Danielle chuckles and keeps her eyes on the phone. It is directing us turn-by-turn to the Kansas City Zoo’s parking lot. “At the next stoplight, turn left,” she says a few seconds before the generic computer voice says the same thing.

“I’m glad we live in Manhattan,” I continue. “The worst traffic is when there’s construction and the students are in town. You might spend ten minutes waiting for a light because the road is backed up, but at least you don’t have to merge four times to—”

I’m cut off before I get to finish the sentence. The light has a green arrow summoning me forward, and as I turn left, we’re t-boned. A truck rams right into the passenger side of Danielle’s Jeep.

My head slams into the glass window from the sudden impact, and I stomp on the brakes out of muscle memory. The sound of metal on metal crushing will be stuck in my memories forever. Luke Bryan sings about margaritas on the radio as the Jeep crashes into a car stopped in the oncoming traffic lane. When we make it to a halt, there’s glass everywhere and people screaming—everyone but Danielle, who is slumped over with blood dripping from the corner of her mouth.

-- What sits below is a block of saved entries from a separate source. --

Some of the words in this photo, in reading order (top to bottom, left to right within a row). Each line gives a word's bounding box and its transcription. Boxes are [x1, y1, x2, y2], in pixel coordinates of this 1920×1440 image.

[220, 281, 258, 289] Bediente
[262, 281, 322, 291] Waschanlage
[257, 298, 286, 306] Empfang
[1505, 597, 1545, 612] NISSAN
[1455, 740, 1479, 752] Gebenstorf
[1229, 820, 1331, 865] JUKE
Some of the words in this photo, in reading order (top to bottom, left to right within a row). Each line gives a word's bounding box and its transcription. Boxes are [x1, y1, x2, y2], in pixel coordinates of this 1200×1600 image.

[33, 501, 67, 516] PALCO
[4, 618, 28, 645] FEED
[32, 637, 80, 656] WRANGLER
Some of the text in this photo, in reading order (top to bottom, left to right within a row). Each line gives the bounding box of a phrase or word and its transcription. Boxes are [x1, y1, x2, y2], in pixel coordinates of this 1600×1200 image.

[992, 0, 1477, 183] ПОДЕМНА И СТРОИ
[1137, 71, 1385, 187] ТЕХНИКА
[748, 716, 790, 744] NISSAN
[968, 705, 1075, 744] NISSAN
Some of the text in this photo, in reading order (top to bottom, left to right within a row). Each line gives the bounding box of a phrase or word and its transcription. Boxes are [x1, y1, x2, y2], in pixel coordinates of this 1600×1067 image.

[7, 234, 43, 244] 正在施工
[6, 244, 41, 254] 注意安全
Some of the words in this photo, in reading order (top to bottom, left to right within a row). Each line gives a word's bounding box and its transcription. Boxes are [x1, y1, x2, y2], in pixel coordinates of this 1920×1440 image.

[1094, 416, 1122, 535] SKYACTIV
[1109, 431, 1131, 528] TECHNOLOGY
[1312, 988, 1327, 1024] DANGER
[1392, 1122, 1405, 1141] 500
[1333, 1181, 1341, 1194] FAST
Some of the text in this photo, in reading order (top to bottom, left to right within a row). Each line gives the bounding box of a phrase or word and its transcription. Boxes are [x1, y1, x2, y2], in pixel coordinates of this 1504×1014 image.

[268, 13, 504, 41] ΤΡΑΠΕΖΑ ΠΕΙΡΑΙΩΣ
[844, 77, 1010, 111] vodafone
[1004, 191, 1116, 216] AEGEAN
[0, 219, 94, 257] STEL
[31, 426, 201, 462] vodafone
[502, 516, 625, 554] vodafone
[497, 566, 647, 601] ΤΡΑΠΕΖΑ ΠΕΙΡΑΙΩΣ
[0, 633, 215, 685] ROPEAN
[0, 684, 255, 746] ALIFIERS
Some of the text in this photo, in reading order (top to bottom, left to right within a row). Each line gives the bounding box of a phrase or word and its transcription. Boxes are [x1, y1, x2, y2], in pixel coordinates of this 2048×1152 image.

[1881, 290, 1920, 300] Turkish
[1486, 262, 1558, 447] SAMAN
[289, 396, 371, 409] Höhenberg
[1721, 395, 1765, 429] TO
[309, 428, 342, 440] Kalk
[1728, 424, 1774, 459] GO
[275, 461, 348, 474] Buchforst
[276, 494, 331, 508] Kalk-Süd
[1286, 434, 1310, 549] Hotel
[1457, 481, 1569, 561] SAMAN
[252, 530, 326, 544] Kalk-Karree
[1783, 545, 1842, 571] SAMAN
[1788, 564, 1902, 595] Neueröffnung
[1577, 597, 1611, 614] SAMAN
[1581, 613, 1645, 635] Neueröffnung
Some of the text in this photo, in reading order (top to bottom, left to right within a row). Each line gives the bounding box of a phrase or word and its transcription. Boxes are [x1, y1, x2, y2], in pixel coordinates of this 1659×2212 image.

The driver of the oncoming truck steps out of his vehicle with a rattled look on his face. He has his arms up as if to surrender, but the damage has been done. Danielle sits unmoving beside me, her head propped up by the airbag.

Instinctively, I want to jump out of the car and rush to the other side to ensure she’s okay, but I can’t move. My head is singing with pain, and every limb in my body feels like it weighs a ton. Witnesses in the surrounding cars start getting out and rushing toward us. Someone opens my door. I hear someone else say they’re calling 911. Another person opens Danielle’s door and swears under their breath.

“She’s. Pregnant.” I struggle to get the words out. My chest hurts for some reason.

The man on Danielle’s side of the car starts frantically working to free her from the wreckage. Someone reaches across me to brush her hair back, revealing a gash on her forehead.